S i2i Ltd                                                          SGD 1.73           SGD 2.65           33%

Sing Holdings                                              SGD 0.31           SGD 0.43           24%

SP Corporation                                           SGD 0.48           SGD 0.79           39%

Brook Crompton Holdings                   SGD 0.32           SGD 0.73           73%

Final results                                                                                                                  40%

Undervalued and turnaround companies worked together satisfactorily mainly because good results of Resolute Forest Products. Company-specific differences in the results were large. And could you imagine five net-nets gave again brilliant returns!

 

At the beginning of 2017 I wrote about quality Swedish company called Assa Abloy (OSTO:ASSA B). In the long-term it could be good compounding investment, but the price has been challenging lately. After my writing it has retuned 10% plus 2% dividend yield annually. Its total return has been just as expected. If you want to get better odds for a higher return, then you have to wait until the P/E ratio drops to 16-18 levels.

 

In February 2017, I screened the companies using EV/EBIT ratio. After that I made some additional value and financial risk tests (more in my article Other Value Opportunities from UK).
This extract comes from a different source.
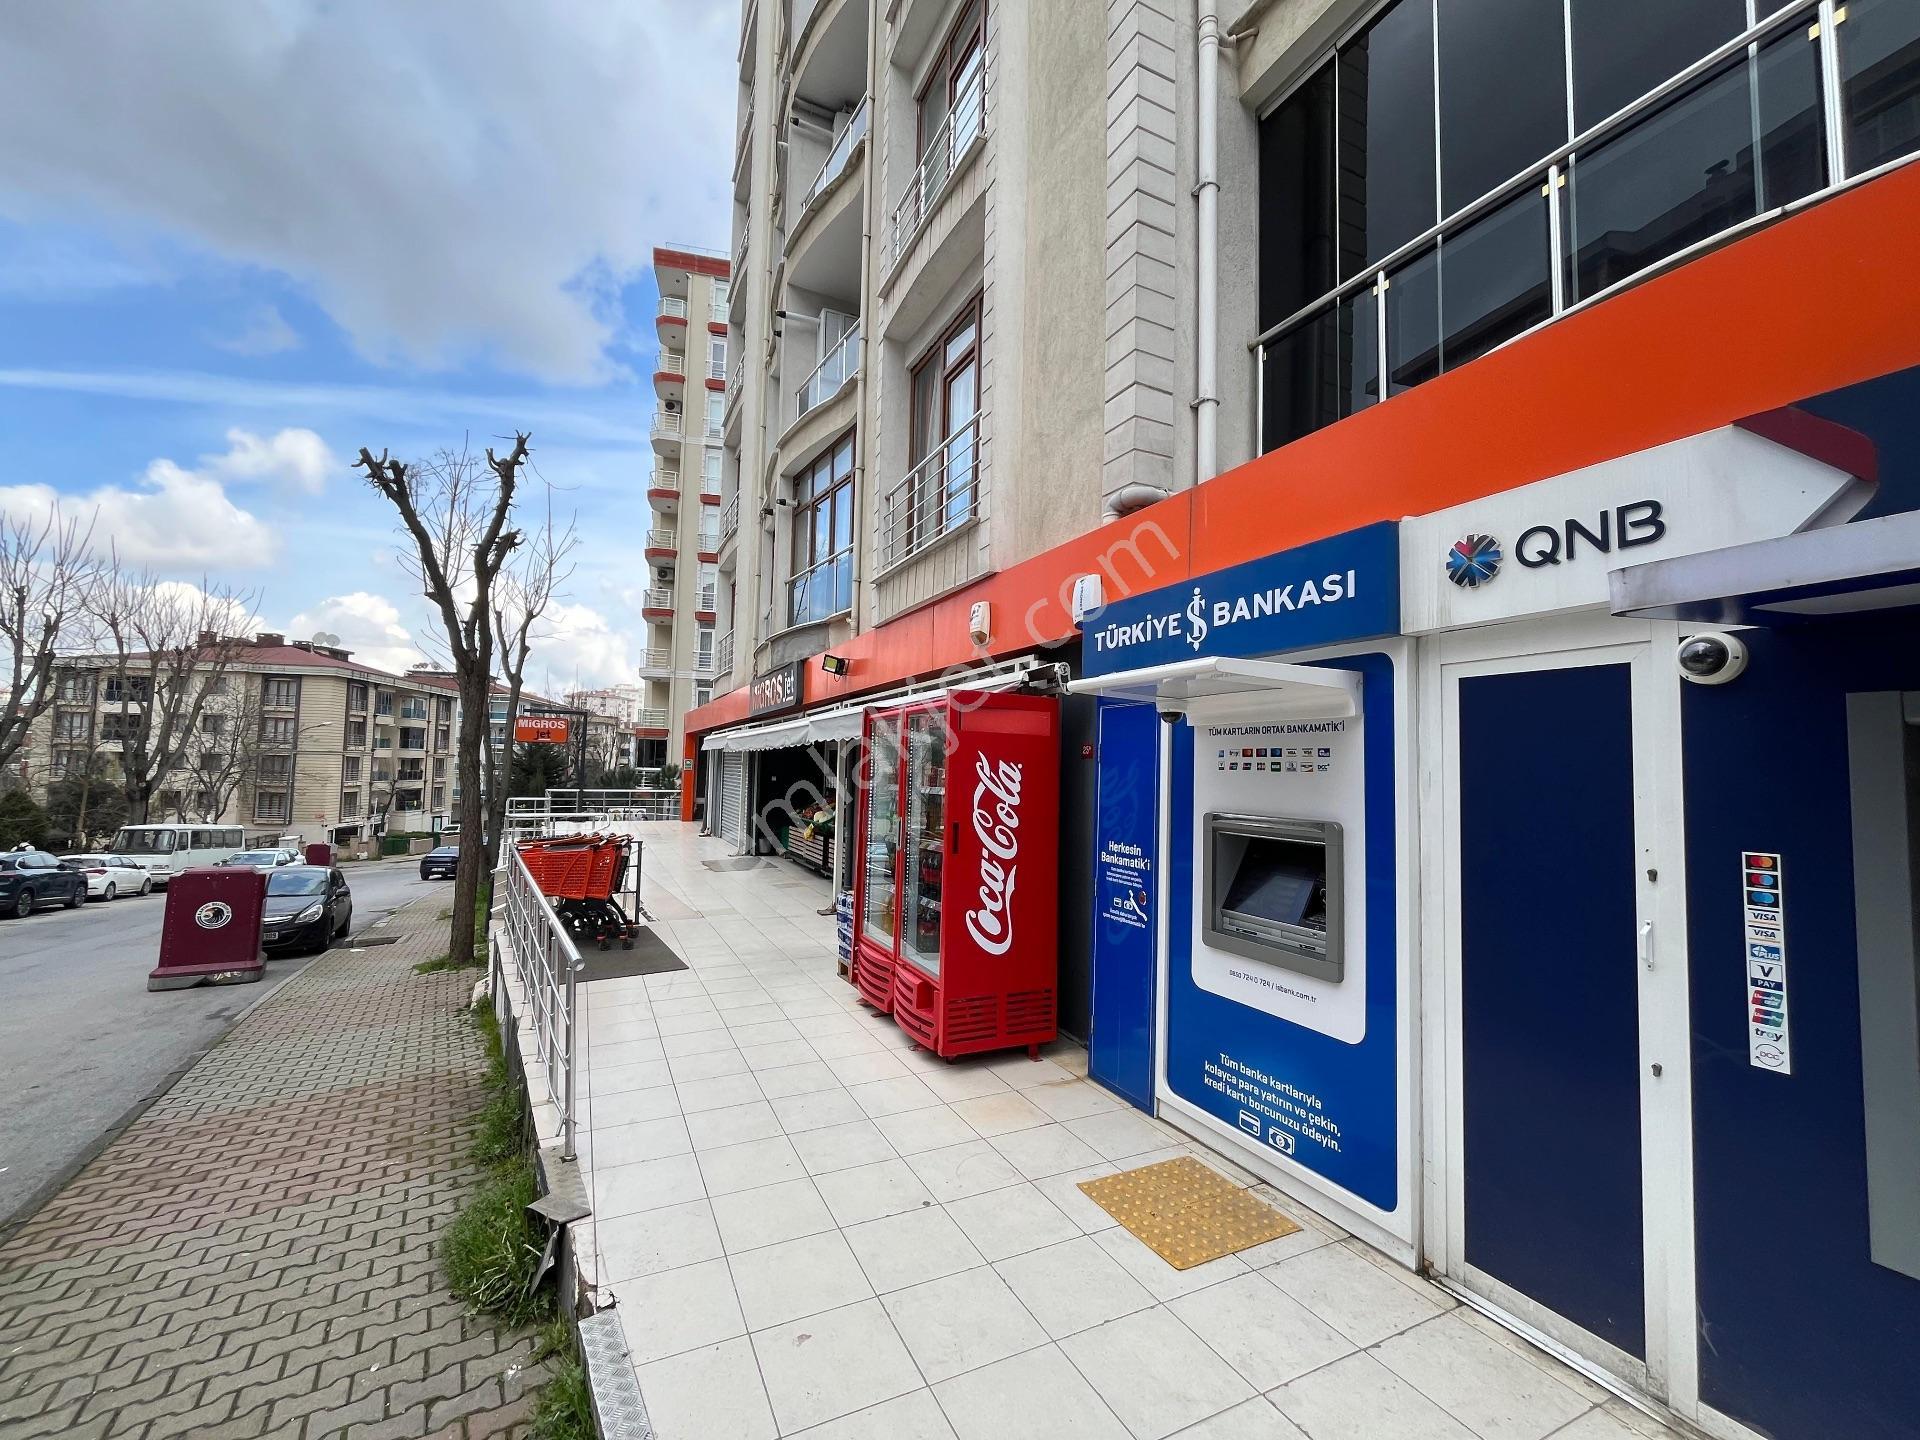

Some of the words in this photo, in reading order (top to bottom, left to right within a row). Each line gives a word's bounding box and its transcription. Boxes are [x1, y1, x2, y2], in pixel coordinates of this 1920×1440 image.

Finally, I found all my companies from homebuilding industry in United Kingdom.

List of companies:

Recommendations given                02/03/17             6/19/18              Annual return

Abbey PLC                                             £12.00                £13.35                8% + dividend yield 1%

Bellway                                                   £25.68                £32.77                19% + 4%

Bovis Homes                                         £8.56                  £12.34                30% + 4%

M Winkworth                                       £0.99                  £1.28                  20% + 6%

Final results                                                                                                        19% + 3.5%

Once again deep value gives good results.

 

All these analyzes have been written before my first summary ‘My Previous Stock Recommendations’ on 10th March 2017. In the second part I will make a summary later written recommendations and analysis.